Saved data entries
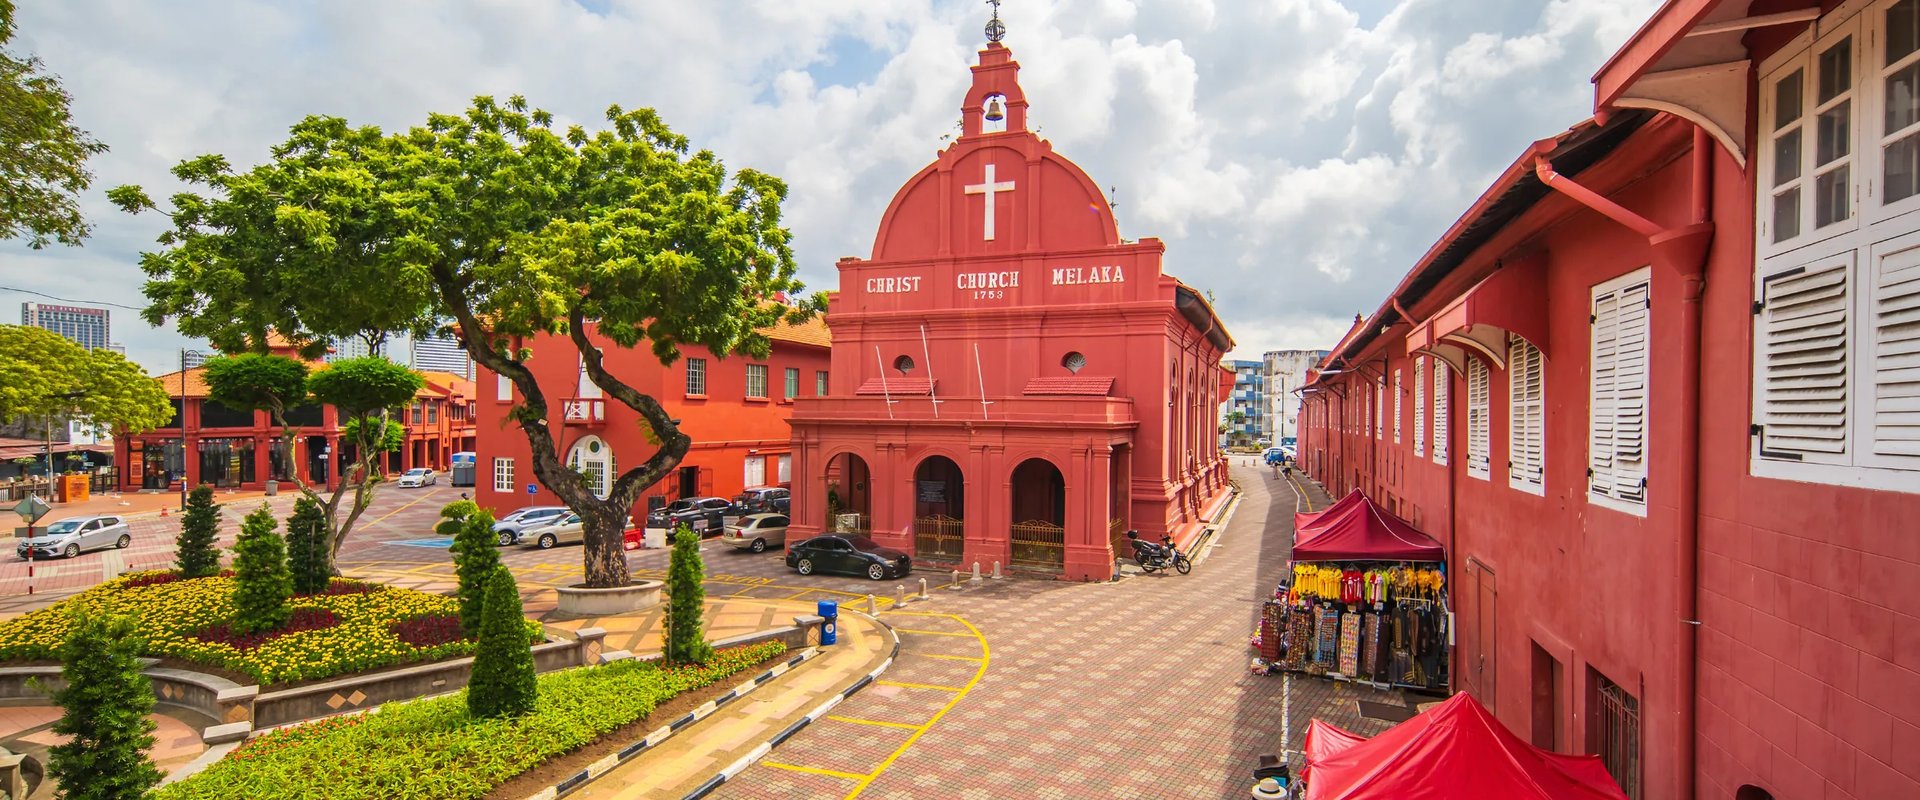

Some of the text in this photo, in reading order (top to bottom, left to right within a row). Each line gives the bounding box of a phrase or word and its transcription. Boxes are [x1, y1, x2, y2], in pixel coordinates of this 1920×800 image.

[867, 265, 1125, 293] CHRIST CHURCH MELAKA
[974, 290, 1003, 300] 1753
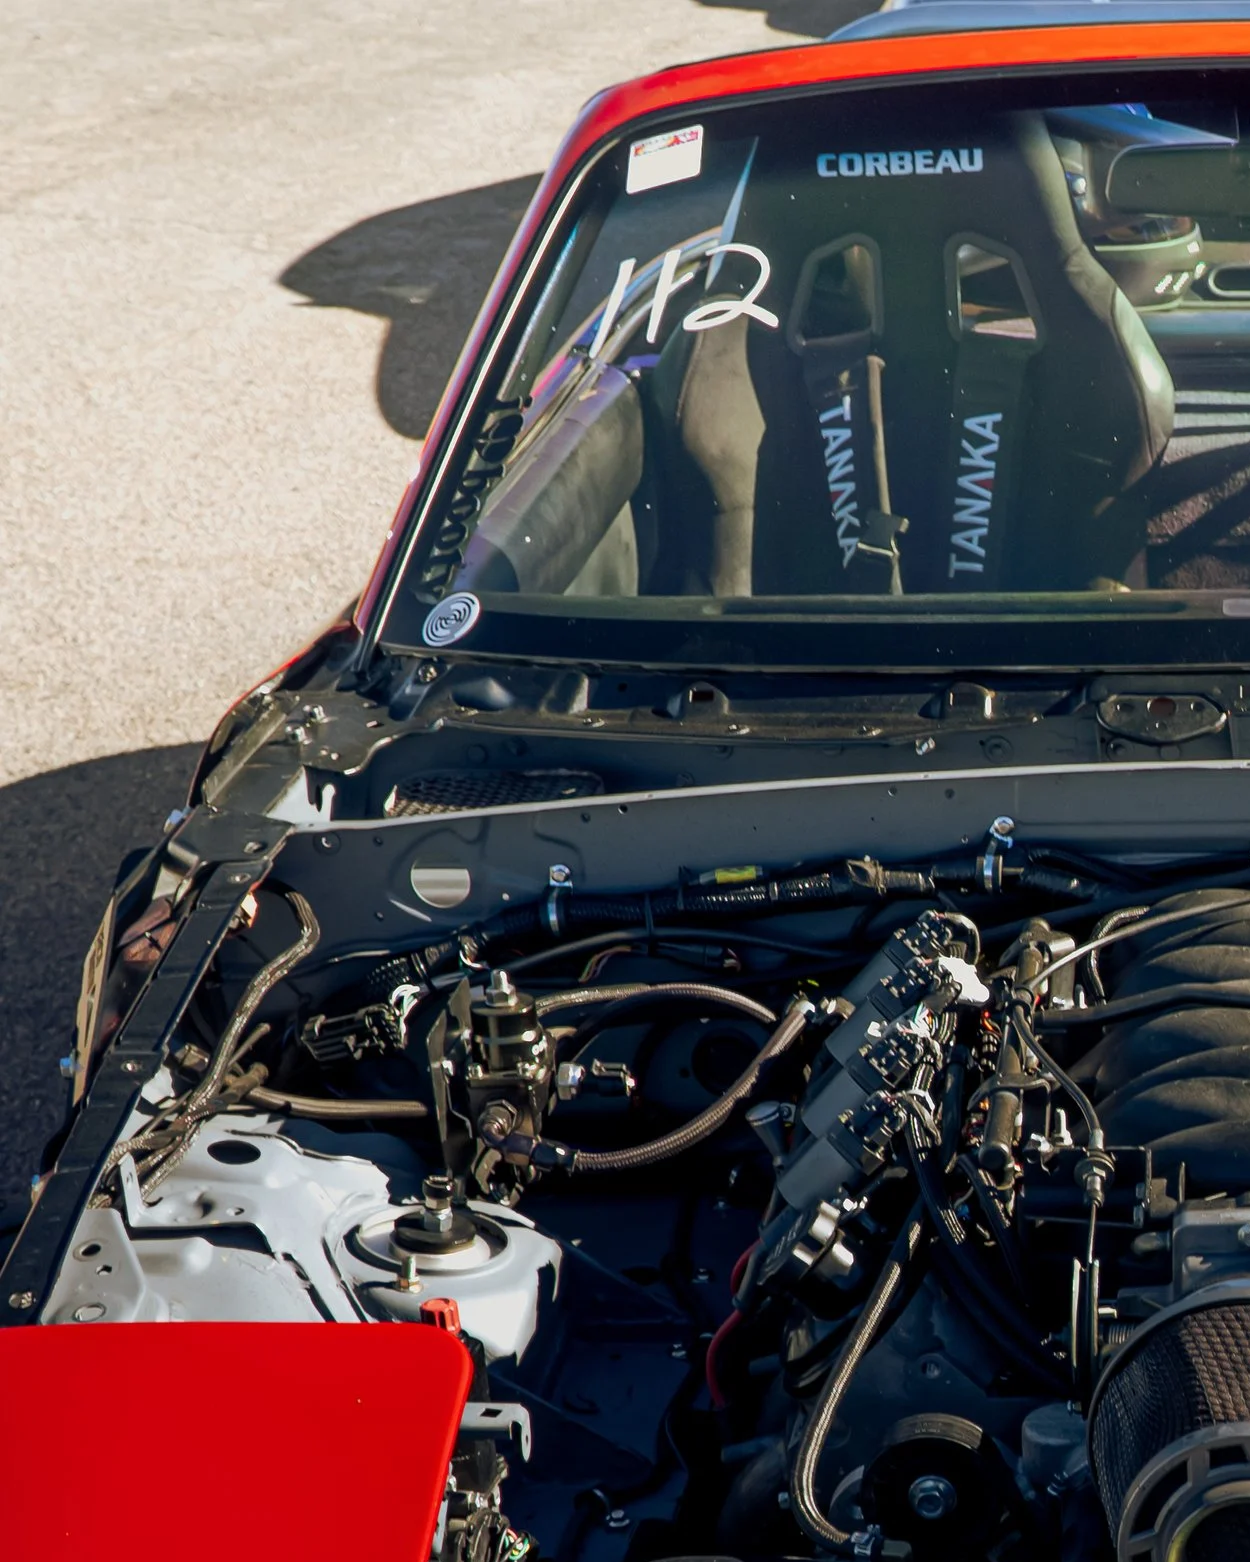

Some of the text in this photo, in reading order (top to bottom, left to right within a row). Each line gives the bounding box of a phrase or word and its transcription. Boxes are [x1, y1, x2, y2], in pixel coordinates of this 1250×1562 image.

[816, 148, 984, 178] CORBEAU
[819, 394, 862, 570] TANAKA
[949, 412, 1004, 579] TANAKA
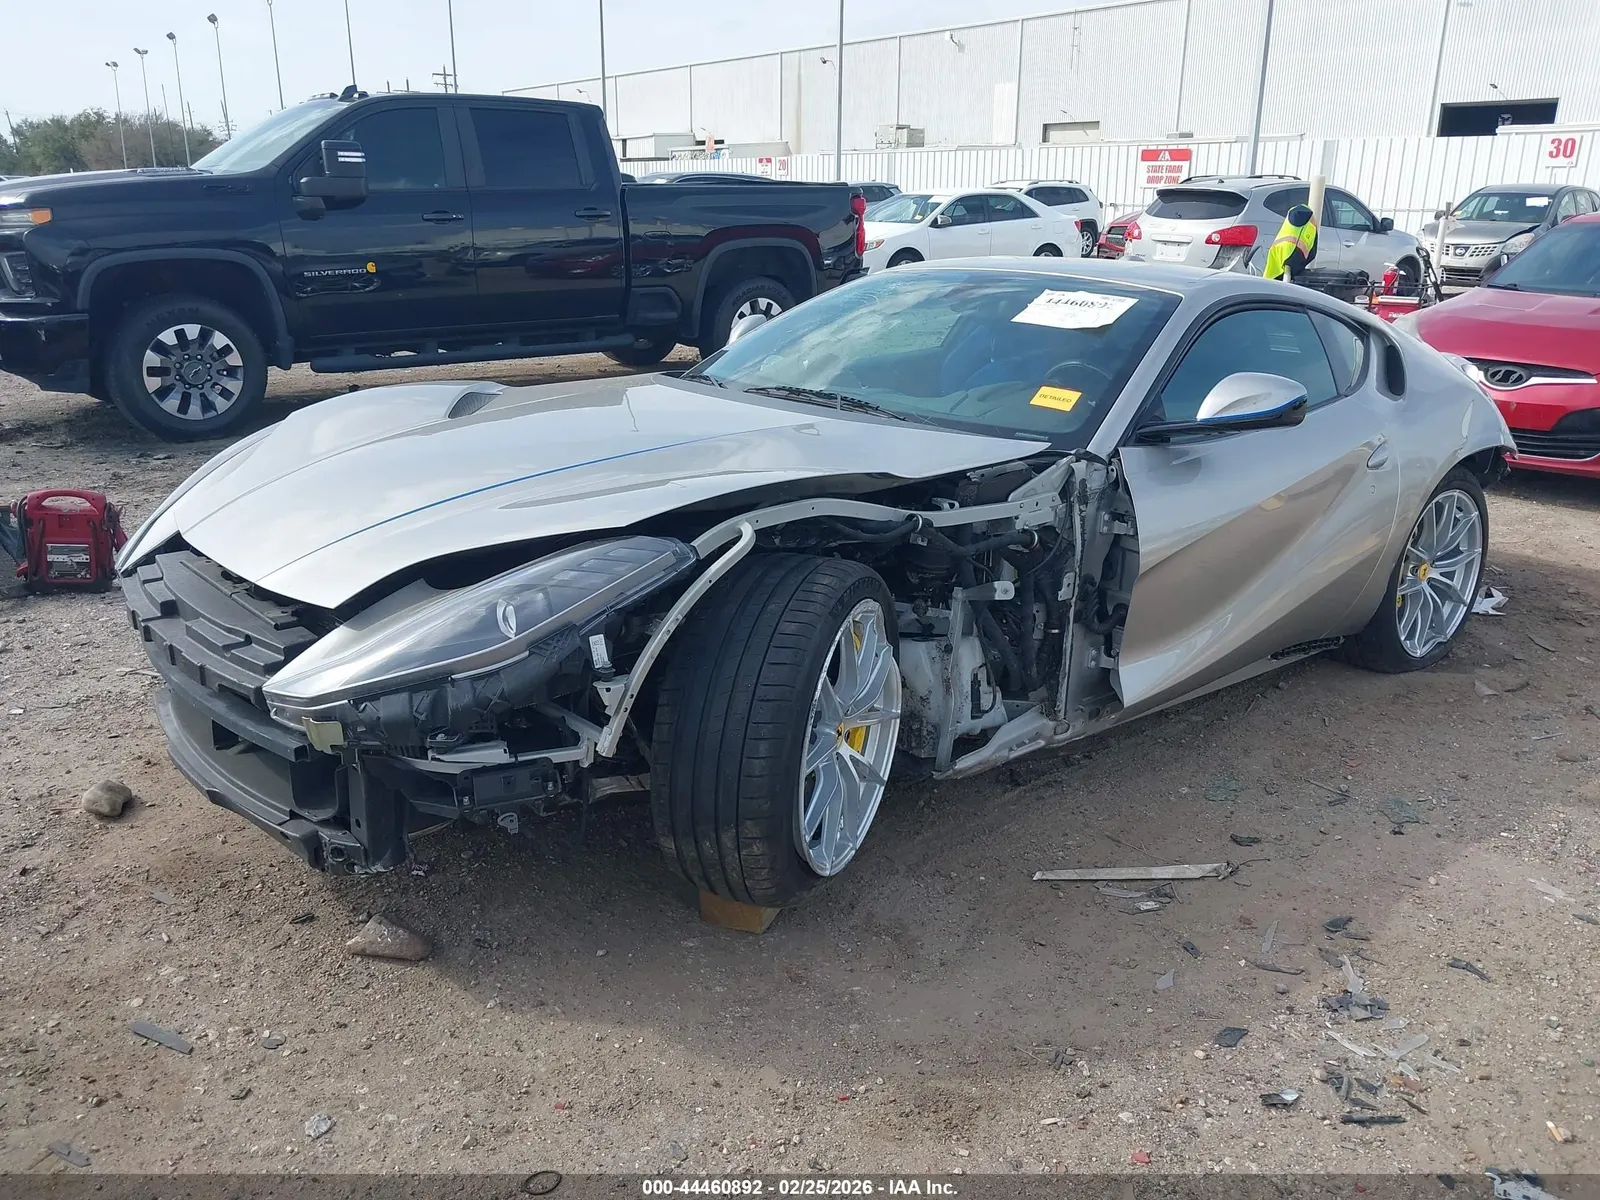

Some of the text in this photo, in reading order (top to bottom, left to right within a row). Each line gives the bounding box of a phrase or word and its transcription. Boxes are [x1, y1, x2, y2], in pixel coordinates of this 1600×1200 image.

[1549, 138, 1576, 158] 30
[778, 159, 787, 171] 20
[1146, 165, 1183, 174] STATE FARM
[1146, 175, 1181, 184] DROP ZONE
[303, 268, 367, 278] SILVERADO
[1039, 393, 1072, 404] DETAILED

== Task prompt ==
Leaving every image behind, repeat the data in full and exactly.

== Answer to the problem ==
Some of the text in this photo, in reading order (top to bottom, left to right within a row). Each line gives the bounding box of a phrase or word and its transcription. Boxes are [x1, y1, x2, y2], in pixel coordinates of this 1920×800 image.

[867, 265, 1125, 293] CHRIST CHURCH MELAKA
[974, 290, 1003, 300] 1753

Some of the text in this photo, in reading order (top to bottom, left to right within a row). Each line gives the bounding box of a phrase or word and its transcription. Boxes are [x1, y1, x2, y2], in pixel coordinates of this 1250×1562 image.

[816, 148, 984, 178] CORBEAU
[819, 394, 862, 570] TANAKA
[949, 412, 1004, 579] TANAKA

Some of the text in this photo, in reading order (top to bottom, left to right within a row). Each line gives the bounding box of a phrase or word and its transcription. Boxes are [x1, y1, x2, y2], in pixel coordinates of this 1600×1200 image.

[1549, 138, 1576, 158] 30
[778, 159, 787, 171] 20
[1146, 165, 1183, 174] STATE FARM
[1146, 175, 1181, 184] DROP ZONE
[303, 268, 367, 278] SILVERADO
[1039, 393, 1072, 404] DETAILED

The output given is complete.